Poor guy made a rookie mistake. Installed the inlet & outlet backwards. according to him sent 1.5 gallon of filter resign , small pellets. Into the system. 

We flush and flushed but its really bad. I think I'm going to back flush the lines with my Jetter and take the well in let and discharge it to the basement window. I don't want to block any floor drain. 

Also I'm thinking sediment filter on hwh. 

Softener man is going to try to use air but I told him I have you have a trailer compressor because I don't see it moving much wet debris. I think it needs to be suspend in water to move. 

Any suggestions.????


----------



## plumberkc (Jun 23, 2011)

Looks like an expensive mistake.


----------



## Dpeckplb (Sep 20, 2013)

Ooops


----------



## plungerboy (Oct 17, 2013)

I guess I should specify I'm not putting my Jetter inside the line I'm using it to flush the line.


----------



## Gargalaxy (Aug 14, 2013)

Culligan?

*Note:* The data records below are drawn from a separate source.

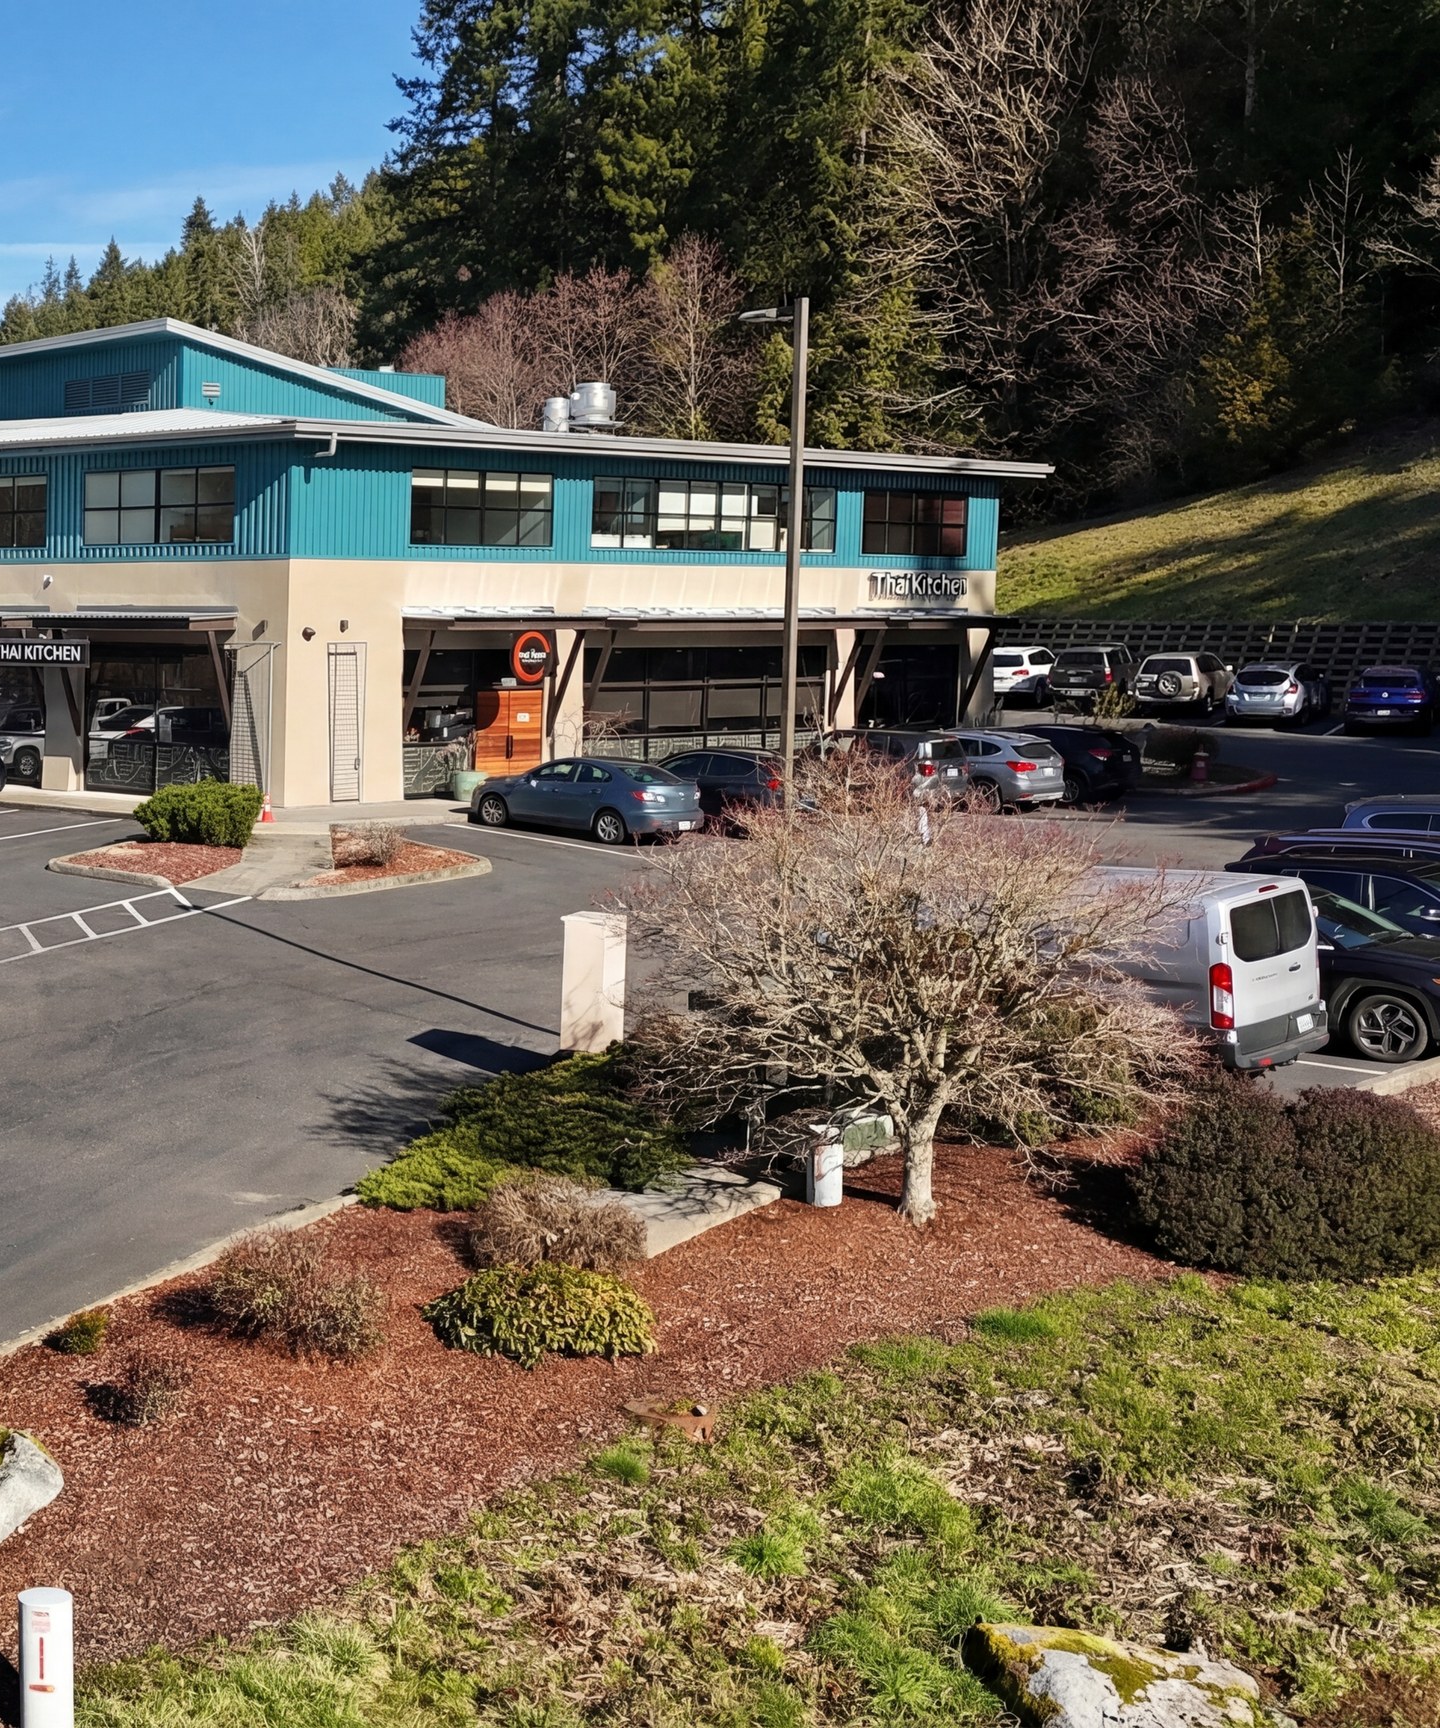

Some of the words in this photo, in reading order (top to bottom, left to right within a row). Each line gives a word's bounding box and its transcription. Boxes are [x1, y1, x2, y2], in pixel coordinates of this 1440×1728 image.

[872, 572, 909, 595] Thai
[912, 573, 967, 595] Kitchen
[25, 645, 81, 661] KITCHEN
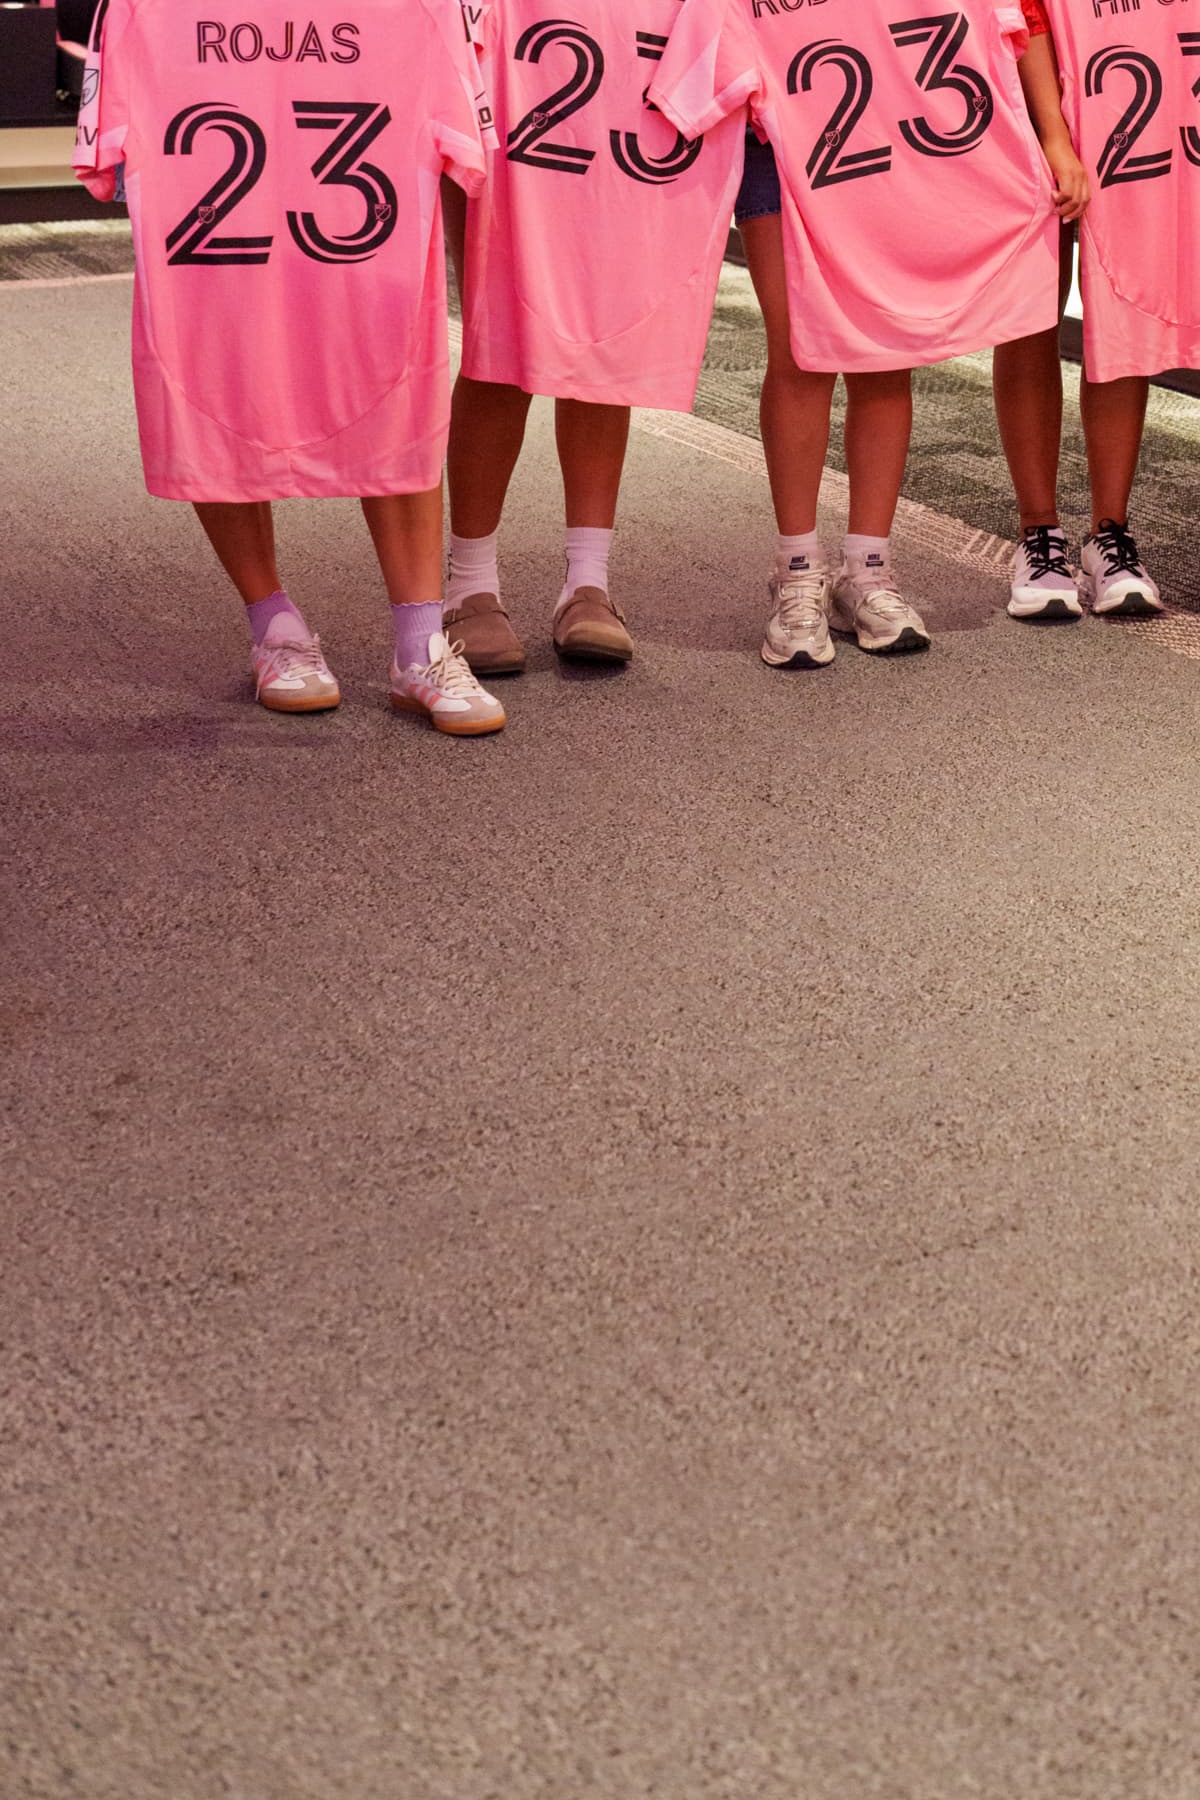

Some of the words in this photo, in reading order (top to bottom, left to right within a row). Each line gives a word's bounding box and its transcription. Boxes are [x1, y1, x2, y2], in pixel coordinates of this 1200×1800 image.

[196, 20, 361, 64] ROJAS
[506, 19, 704, 185] 23
[787, 12, 994, 190] 23
[163, 101, 398, 266] 23
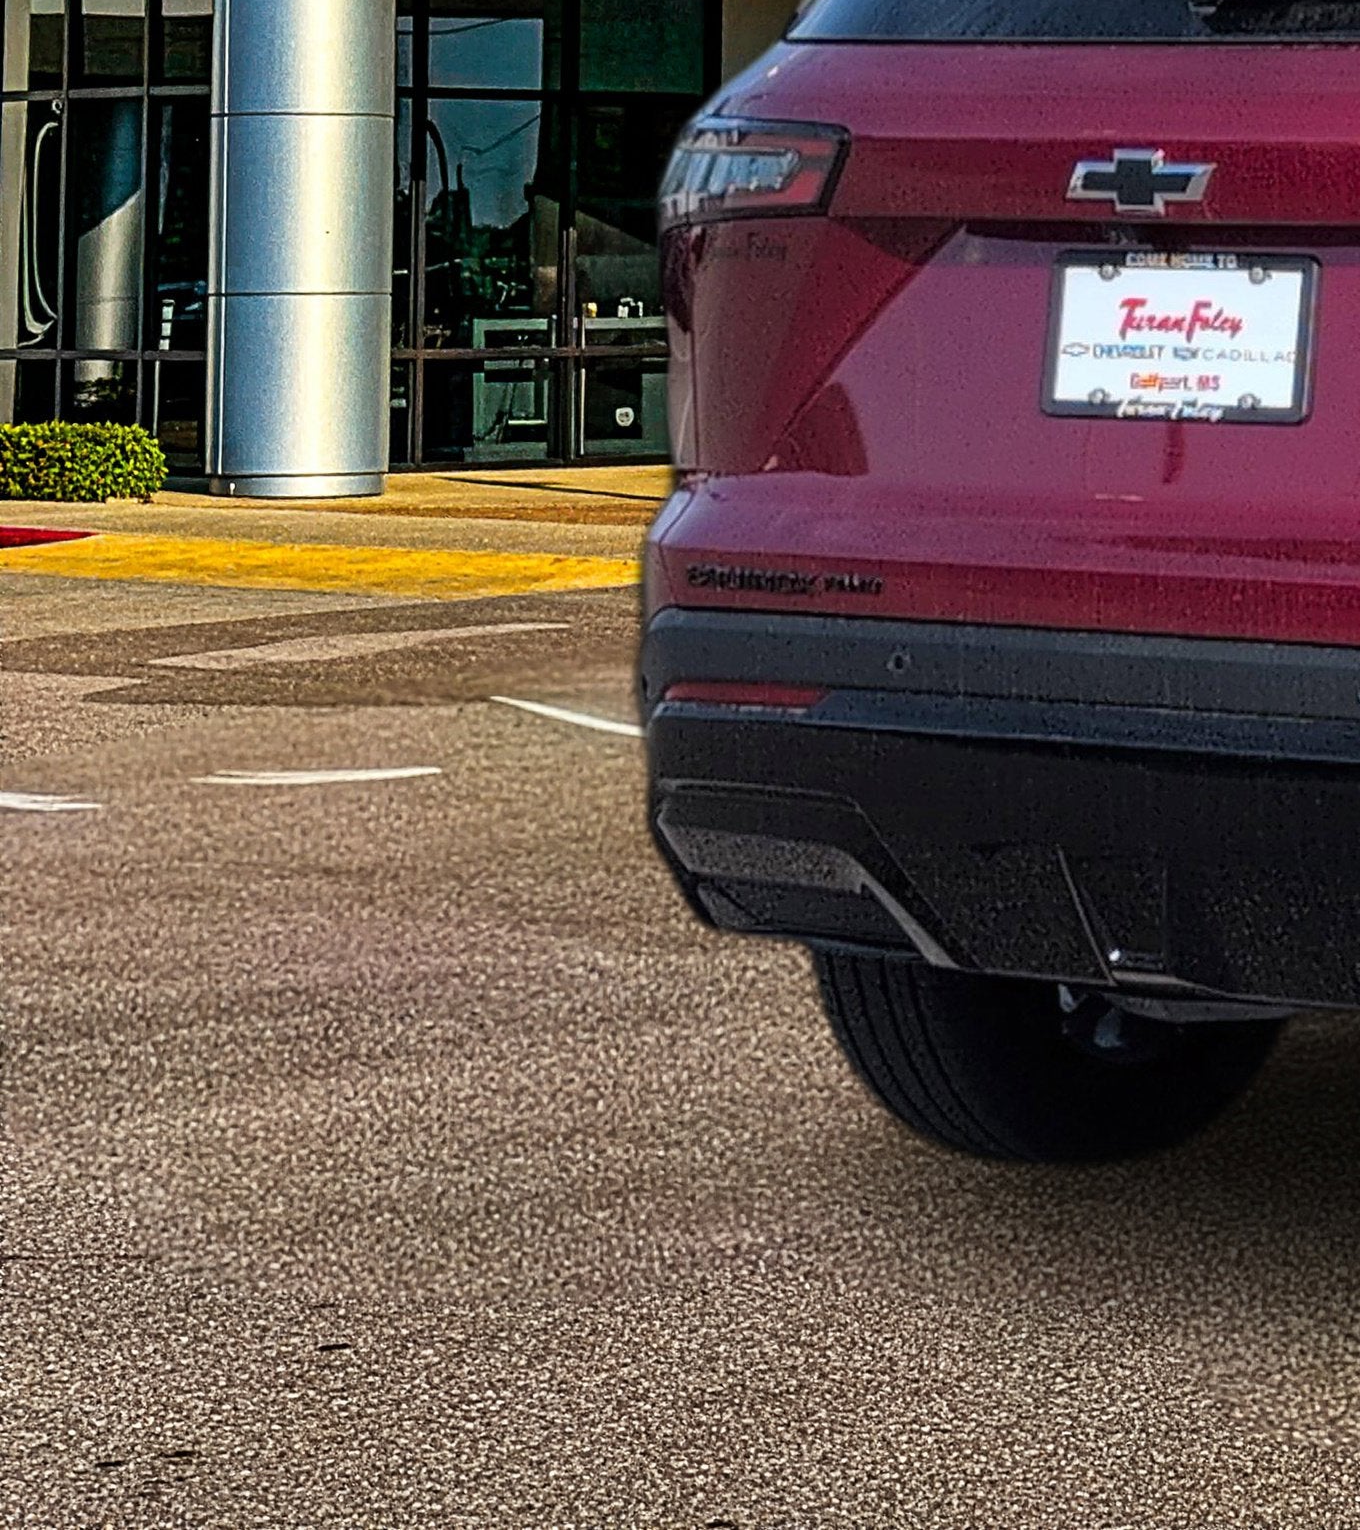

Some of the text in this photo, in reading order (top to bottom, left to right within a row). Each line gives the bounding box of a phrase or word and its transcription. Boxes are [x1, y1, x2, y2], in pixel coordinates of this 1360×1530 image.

If so don't blame the guy, I'd something similar not to long ago....almost screwed $40,000 humidifier system (Stulz units) for the same reason.


----------



## rwh (Dec 17, 2014)

That sucks! What type water lines?


----------



## plungerboy (Oct 17, 2013)

rwh said:


> That sucks! What type water lines?


 copper


----------



## Michaelcookplum (May 1, 2011)

Oof! What a disaster. That sucks


Sent from my iPhone using Tapatalk


----------



## Tomplumb (Oct 2, 2013)

When I first started plumbing my father in law hooked one up backwards. We cleaned aerators and fill valves for a week.


----------



## plungerboy (Oct 17, 2013)

Softner guy went today and ran a hose from main to all fixtures and drain to basement sump pump. He claims it all good expect that it need a new sump pump now. We will go monday and replace it. we will see how long this last. I foresee us returning in a few days to 'FIX IT" again/


----------



## Dpeckplb (Sep 20, 2013)

I had one that must have been layed down during shipping so when I turned it on it sent nothing put media out. I always put a hose bib then a isolation ball valve in down stream of the softener. That way I can keep the house off while starting it up in case that happens.


----------